The proposed neurosymbolic AI system presents a hybrid approach that combines neural networks and symbolic reasoning for improved disease classification and triage management. The integration of statistical learning with rule-based reasoning enables accurate predictions and transparent explanations. The potential impact of the hybrid approach in optimizing healthcare outcomes and resource allocation is significant. By leveraging the strengths of both neural networks and symbolic reasoning, the model offers a promising solution to enhance triage management and disease classification in healthcare settings. There are several future research directions that can be pursued to further refine and expand the capabilities of the neurosymbolic AI model for triage management and disease classification:

1. Integration of Temporal Information: Incorporating temporal information, such as the sequence of symptom occurrence or changes over time, can provide valuable insights for disease diagnosis and monitoring. Future research can explore methods to integrate temporal data into the neurosymbolic AI model, enabling it to capture dynamic patterns and better adapt to evolving patient conditions.

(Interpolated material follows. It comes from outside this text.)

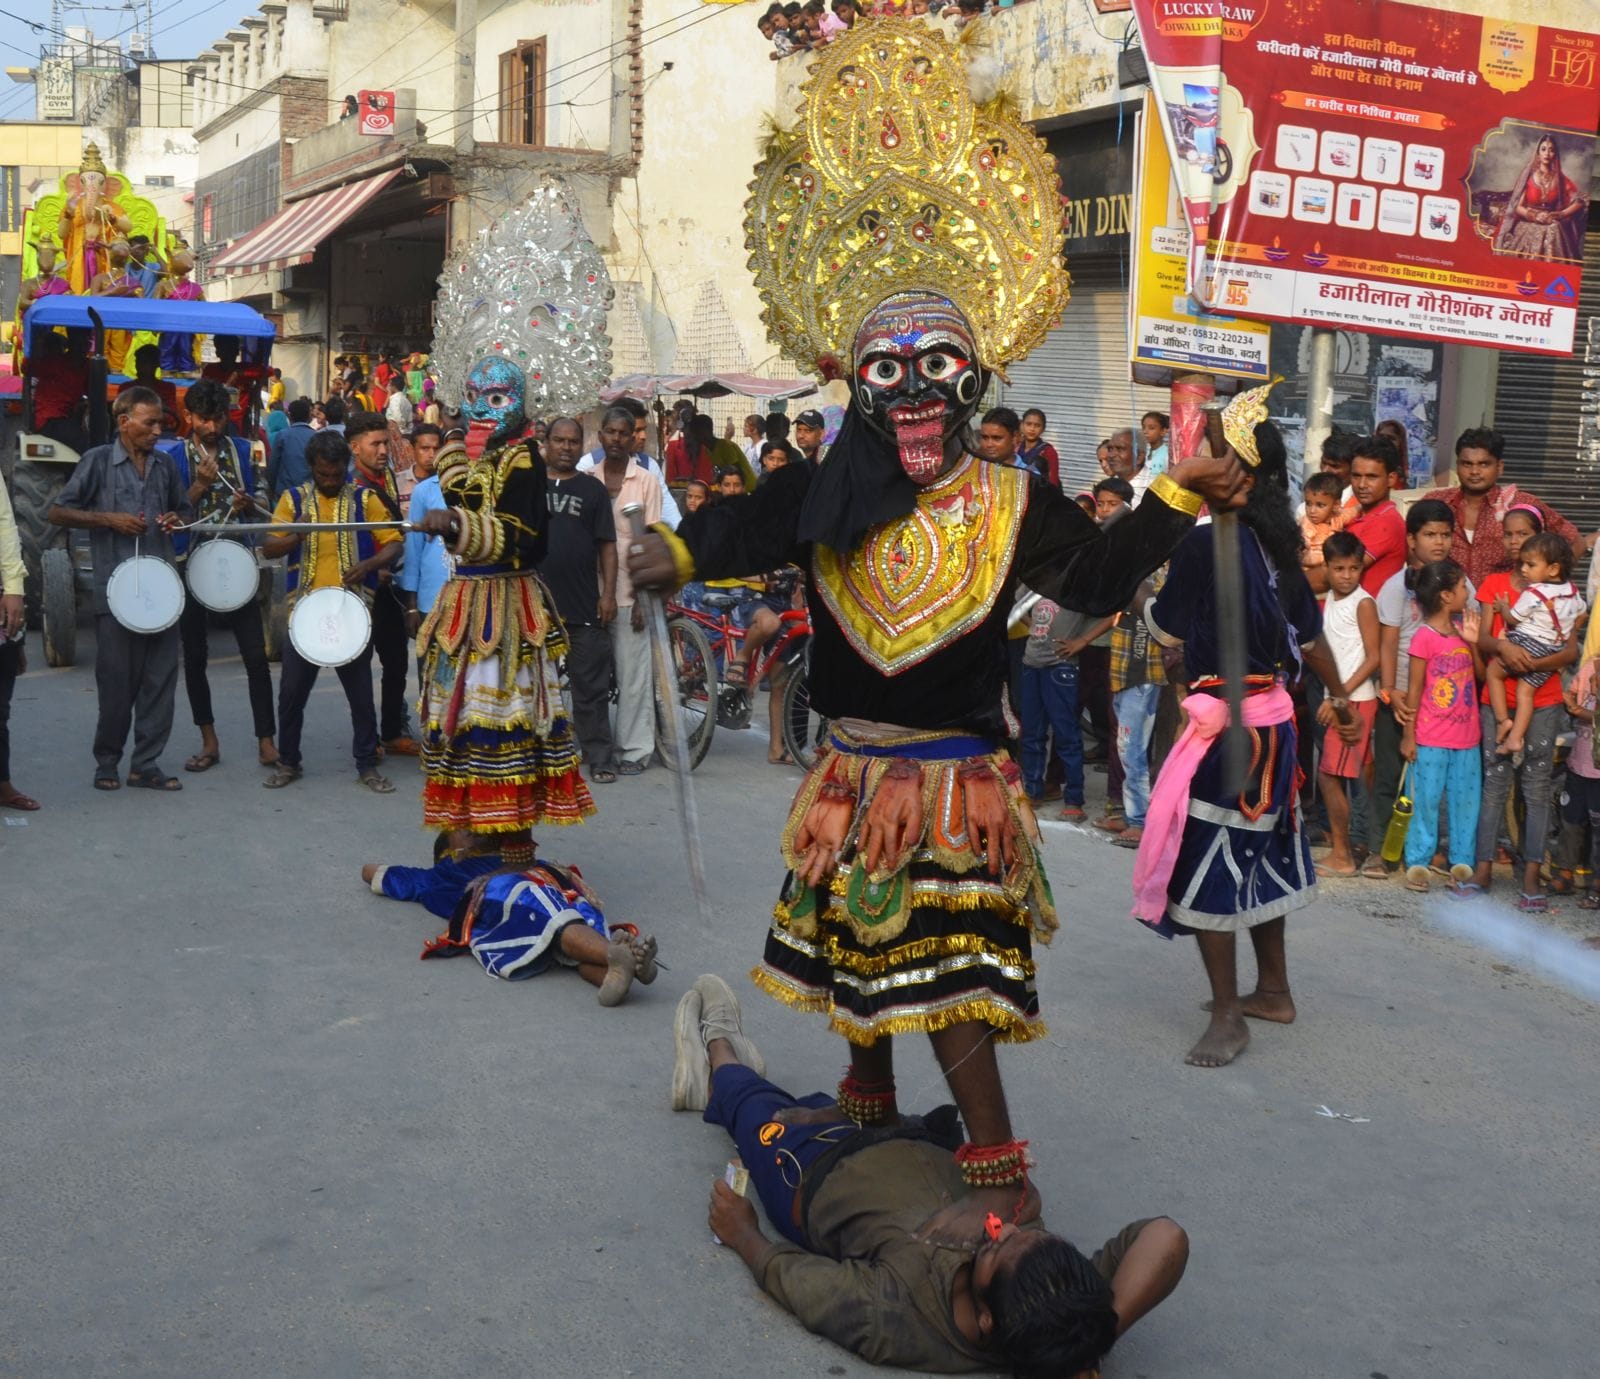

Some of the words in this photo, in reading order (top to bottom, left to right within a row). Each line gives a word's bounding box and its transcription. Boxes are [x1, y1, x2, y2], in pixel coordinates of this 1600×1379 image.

2. Addressing Data Biases and Generalization: For now, the data only includes diseases and symptoms, however as it is integrated into real-life systems, there would be confidential patient data such as age, gender, etc. being integrated and there would be certain ethical considerations to be considered. These considerations in healthcare AI necessitate addressing potential biases in data and decision-making. Future research should focus on developing techniques to mitigate biases and ensure fairness in disease classification and triage management.
3. Explainability and Interpretability: Although the neurosymbolic AI model provides certain explanations to the user about the symptoms and the diseases, further research can be conducted to enhance the explainability and interpretability of its predictions. This includes developing methods to generate more detailed and context-specific explanations, as well as designing user-friendly interfaces that effectively communicate the model’s reasoning to healthcare professionals and patients.
4. Clinical Validation and Real-World Deployment: Conducting extensive clinical validation studies and evaluating the performance of the neurosymbolic AI model in real-world healthcare settings is crucial. Future research should focus on conducting rigorous evaluations to assess the model’s efficacy, reliability, and impact on healthcare outcomes. This includes validating its performance against existing clinical guidelines and benchmarking it against other established diagnostic methods.
5. Collaboration and Data Sharing: Collaboration among researchers, healthcare professionals, and institutions is essential for the further refinement and expansion of the neurosymbolic AI model. Future research should emphasize data-sharing initiatives, fostering collaborations to access larger and more diverse datasets. This can facilitate the development of more robust and generalizable models while addressing privacy and security concerns through appropriate data governance frameworks.

By exploring these future research directions, we can continue to advance the neurosymbolic AI model, refine its capabilities, and maximize its potential for improving triage management and disease classification in healthcare.